The Knicks' championship ticker-tape parade kicks off at 10 a.m. near Bowling Green.
NYPD Commissioner Jessica Tisch is warning that potentially millions of fans might show up and be turned away once the designated viewing pens are full.
“We just received an invitation from the White House, which we accepted,” Knicks owner James Dolan said in an interview yesterday. “We still have to figure out the details, etcetera.”
New York State Comptroller Tom DiNapoli, who's running for reelection, is facing two Democratic primary challengers for the first time since he assumed the post in 2007.

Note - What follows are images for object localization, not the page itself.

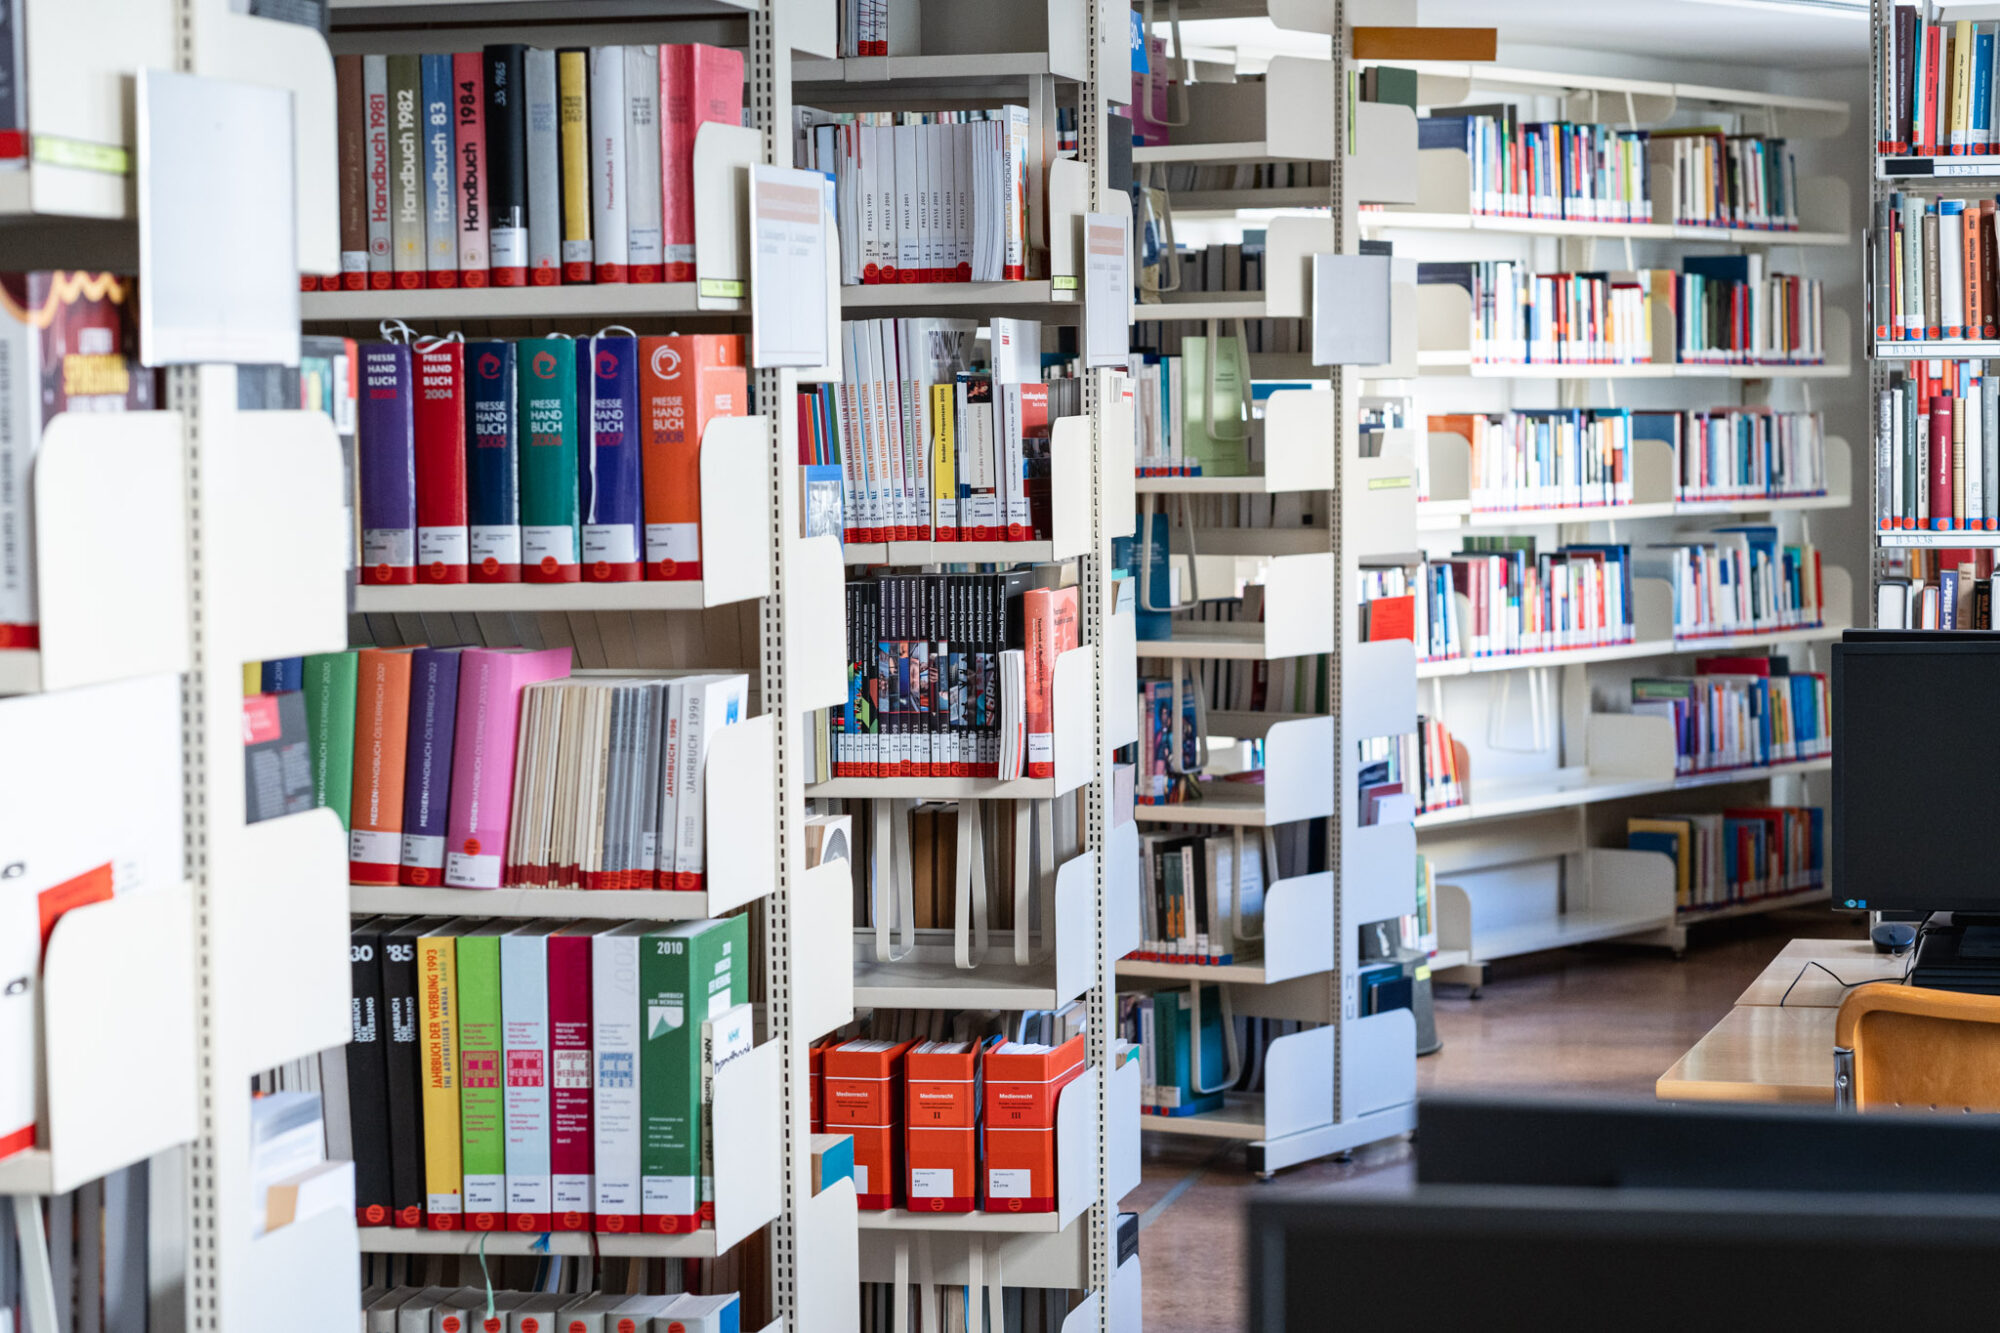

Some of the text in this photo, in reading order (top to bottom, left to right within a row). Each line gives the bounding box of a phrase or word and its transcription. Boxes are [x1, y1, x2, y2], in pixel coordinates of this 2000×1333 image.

[370, 94, 388, 222] Handbuch 1981
[397, 89, 417, 222] Handbuch 1982
[430, 102, 449, 222] Handbuch 83
[460, 81, 479, 232] Handbuch 1984
[367, 354, 396, 362] PRESSE
[423, 353, 452, 362] PRESSE
[367, 364, 396, 373] HAND
[423, 364, 452, 373] HAND
[368, 376, 397, 386] BUCH
[423, 376, 453, 386] BUCH
[425, 389, 453, 399] 2004
[876, 380, 884, 403] FESTIVAL
[476, 401, 507, 411] PRESSE
[530, 399, 561, 409] PRESSE
[652, 396, 683, 407] PRESSE
[476, 412, 507, 422] HAND
[531, 410, 562, 421] HAND
[652, 408, 684, 418] HAND
[476, 423, 507, 435] BUCH
[531, 422, 562, 433] BUCH
[652, 418, 684, 430] BUCH
[879, 419, 887, 459] INTERNATIONAL
[1943, 578, 1953, 613] Bilder
[322, 661, 331, 683] 2020
[420, 742, 432, 828] MEDIENHANDBUCH
[428, 662, 437, 683] 2022
[685, 697, 700, 794] JAHRBUCH 1998
[666, 743, 676, 798] JAHRBUCH
[370, 740, 381, 826] MEDIENHANDBUCH
[470, 757, 483, 833] MEDIENHANDBUCH
[386, 944, 414, 962] '85
[657, 941, 684, 955] 2010
[441, 987, 449, 1016] ANNUAL
[352, 998, 362, 1041] JAHRBUCH
[366, 997, 376, 1041] WERBUNG
[392, 997, 402, 1041] JAHRBUCH
[426, 949, 443, 1088] JAHRBUCH DER WERBUNG 1993
[442, 1020, 451, 1072] ADVERTISER'S
[704, 1038, 712, 1065] NHK
[443, 1075, 452, 1088] THE
[836, 1090, 868, 1098] Medienrecht
[920, 1092, 954, 1100] Medienrecht
[999, 1092, 1033, 1100] Medienrecht
[933, 1111, 941, 1120] II
[1011, 1111, 1021, 1120] III

Early voting turnout in New York City is down more than 50% compared to this time last year, despite several competitive contests, including three federal races where Mayor Mamdani made high-stakes endorsements.
A spooked carriage horse broke free from its driver in Central Park yesterday and smashed into another horse-drawn carriage, killing an 18-year-old passenger, officials said.

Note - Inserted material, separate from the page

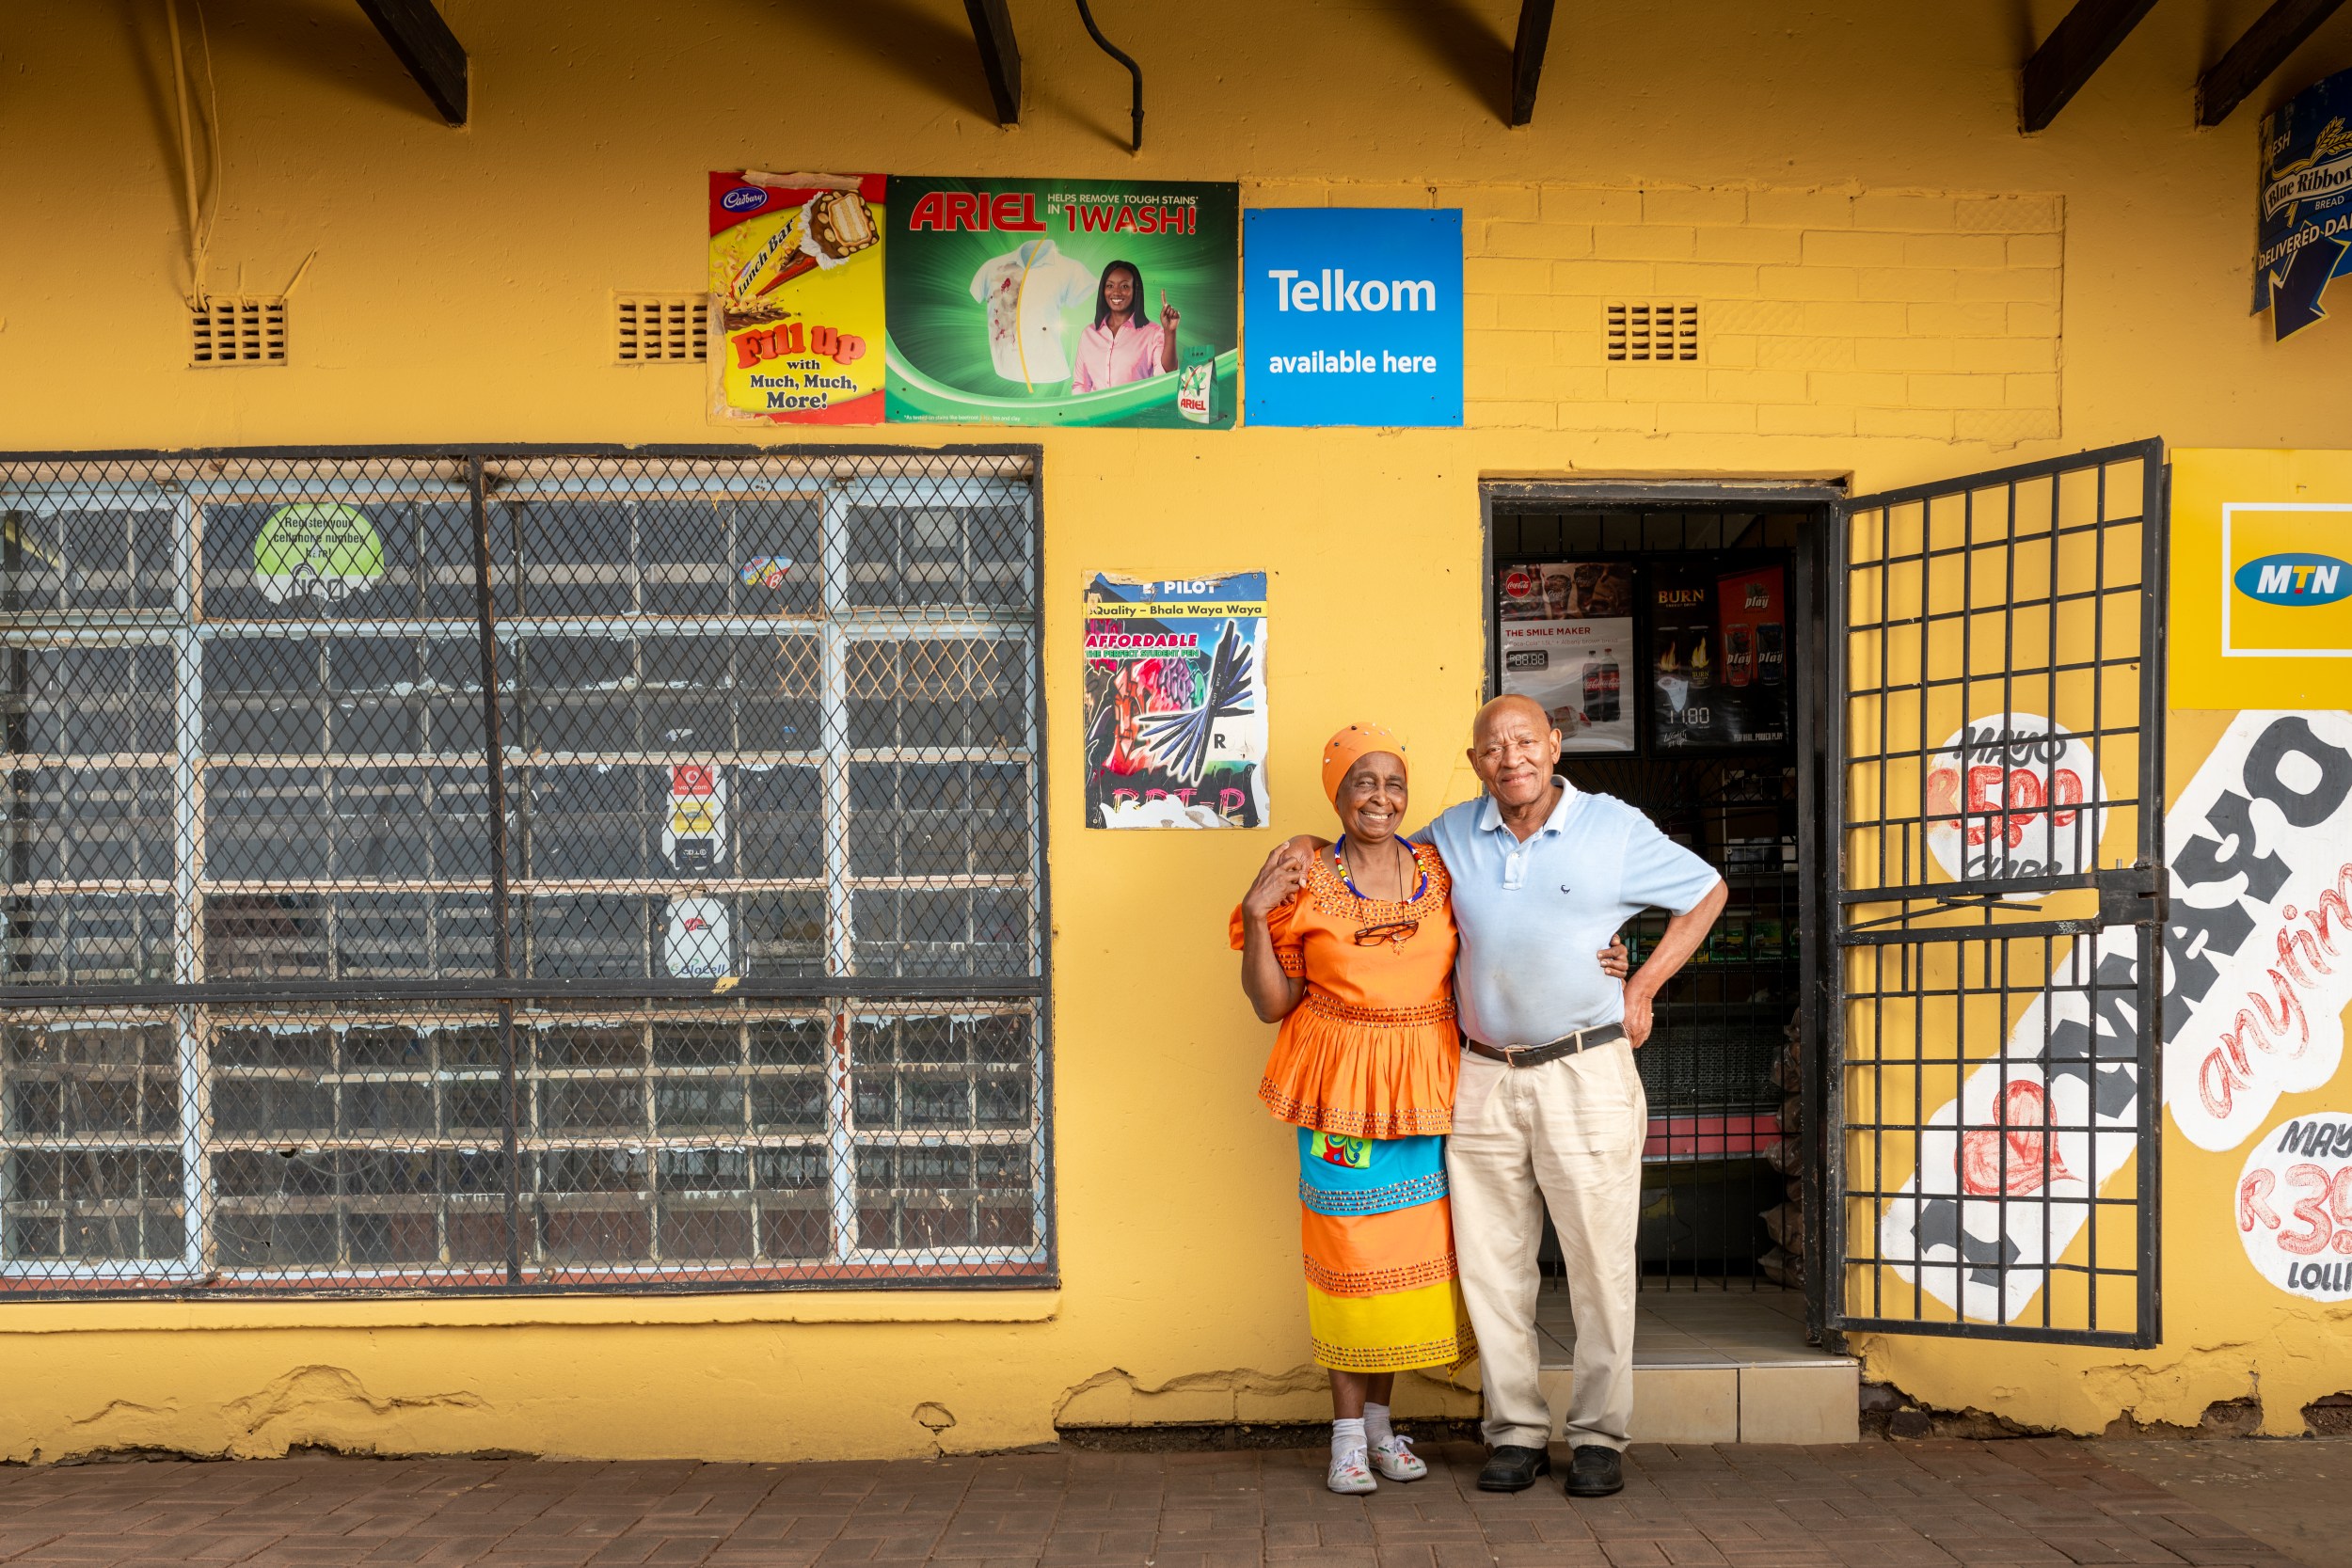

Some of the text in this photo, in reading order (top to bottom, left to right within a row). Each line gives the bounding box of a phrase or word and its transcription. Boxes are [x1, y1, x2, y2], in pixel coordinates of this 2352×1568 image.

Wednesday's fatality, which comes a week after a carriage horse ingested atoxic shrub in Central Park and died, immediately prompted calls from the Central Park Conservancy to ban the horses.
Attorneys for Luigi Mangione will pursue a mental health defense at his upcoming New York murder trial, according to the Manhattan judge overseeing the case.
Rex Heuermann — the architect who pleaded guilty to killing eight women and scattering their bodies in sandy stretches of Suffolk County — was sentenced yesterday to life in prison without the possibility of parole.
The Manhattan district attorney’s office is accusing Salon 1884's owner, Andrea Marshall, of running a sweatshop in the Garment District, exploiting her employees and stealing more than $50,000 in wages over the last three years.
About a half-dozen congressional Democrats from New Jersey and other states came to Newark City Hall yesterday for a hearing meant to call attention to conditions at the Delaney Hall ICE detention center — and to needle Republicans for not joining in the inquiry.